We now consider the element of “malice” as it applies to this case. In Indiana, private individual plaintiffs bringing defamation actions must show “actual” malice in matters of public or general concern. Id. at 452. Actual malice exists when “the defendant publishes a defamatory statement ‘with knowledge that it was false or with reckless disregard of whether it was false or not.’” Id. at 456. (quoting New York Times Co. v. Sullivan, 376 U.S. 254, 279-80, 84 S.Ct. 710, 11 L.Ed.2d 686 (1964)). In order to prove that a defendant published with reckless disregard, a plaintiff must designate “sufficient evidence to permit the conclusion that the defendant in fact entertained serious doubts as to the truth of his publication.” Id. A defendant’s state of mind is a subjective fact and may be shown by indirect or circumstantial evidence. Id. A defendant cannot “automatically insure a favorable verdict by [stating in an affidavit] that he published with a belief that the statements were true.” Kitco, 706 N.E.2d at 588. The initial question of whether there is sufficient evidence to support a finding of actual malice is a question of law to be determined by the court. Id.
As noted above, Barnes states in his affidavit that he did not know of the policy. On the other hand, in his affidavit Ratcliff states that he and other County employees were authorized, as a matter of policy, to put stone on their driveways.

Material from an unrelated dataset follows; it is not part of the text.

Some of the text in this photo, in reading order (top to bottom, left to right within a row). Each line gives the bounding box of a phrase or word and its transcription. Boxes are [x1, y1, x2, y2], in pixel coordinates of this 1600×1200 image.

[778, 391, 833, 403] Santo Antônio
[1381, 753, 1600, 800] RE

In his deposition, which was designated as evidence by both parties, Ratcliff states that he acted with permission of the Superintendent under a long-standing policy. Ratcliff also states in his deposition that putting stone on driveways had been done years before he was an employee” and was a policy “continued from years past.” The 1987 minutes of the Commissioner’s meeting serve to bolster Ratcliff’s claims that there was a policy which allowed employees to put stone on their driveway, a policy that Ratcliff specifically claims in his deposition has become “common knowledge” during the ensuing years. (R. 91).

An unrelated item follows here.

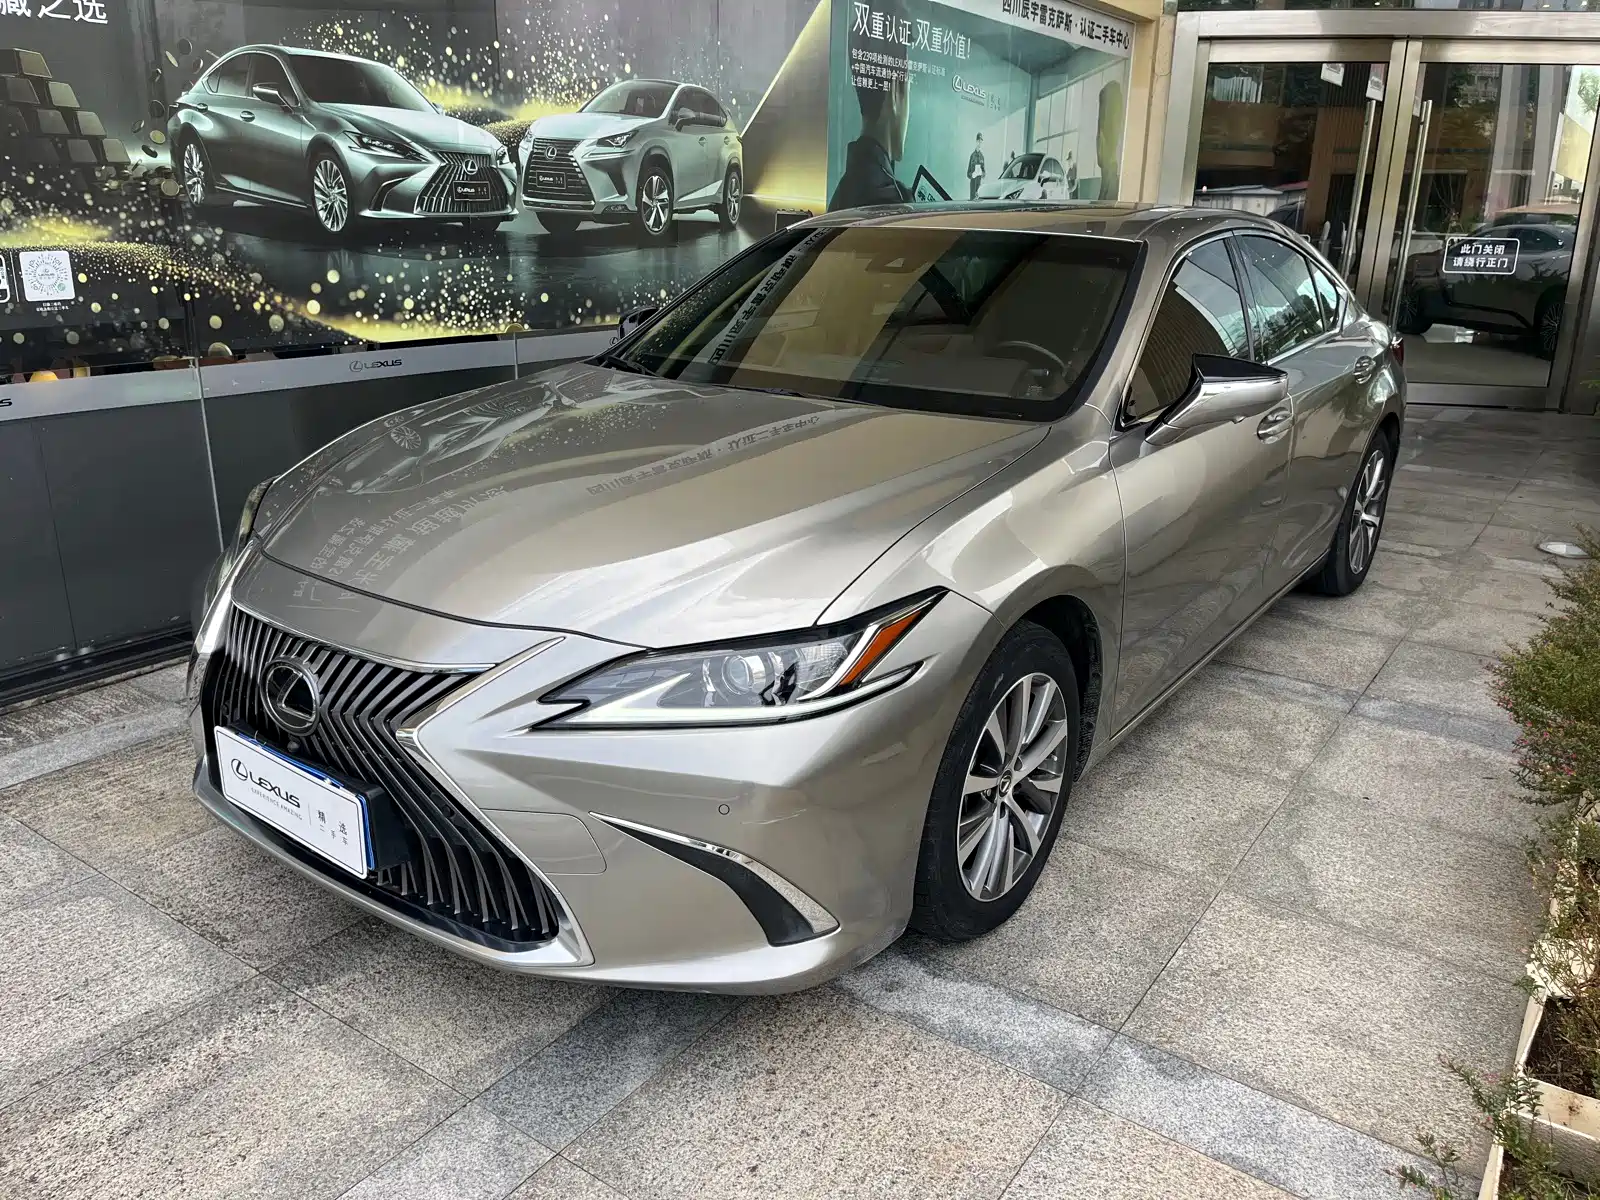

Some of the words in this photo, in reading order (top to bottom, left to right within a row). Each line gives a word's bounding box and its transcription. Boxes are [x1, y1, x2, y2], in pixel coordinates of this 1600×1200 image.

[1460, 244, 1505, 255] 此门关闭
[1453, 256, 1508, 268] 请绕行正门
[364, 359, 402, 369] LEXUS
[249, 769, 301, 808] LEXUS

This evidence, if true, indicates that the County policy of allowing drivers to use County stone to repair driveways damaged by heavy County vehicles had been acknowledged in the past by the County Commissioners and was currently known by County workers. Ratcliff also designated evidence, in the form of the newspaper article, which indicates that Barnes was unhappy with Peterson’s performance as his superior. Ratcliff further designated evidence which, if true, indicates that Barnes’ statement was made in retaliation for Ratcliff’s alleged prior statement characterizing Barnes as a thief who stole metal from the County Highway Shop. A reasonable inference can be drawn from this indirect evidence that, as a County worker, Barnes knew that Ratcliff’s use of the County’s stone was authorized and that Barnes’ ill-will toward both Peterson and Ratcliff motivated him to make a defamatory statement that he knew was not true. We cannot say as a matter of law that Ratcliff has failed to establish a question of fact on the issue of actual malice. Thus, the question becomes one for the jury.


The trial court erred in determining either that Barnes was entitled to judgment as a matter of law or that there were no genuine issues of material fact on the validity of Ratcliff’s defamation claim.
Reversed and remanded.
SHARPNACK, C.J., and SULLIVAN, J., concur.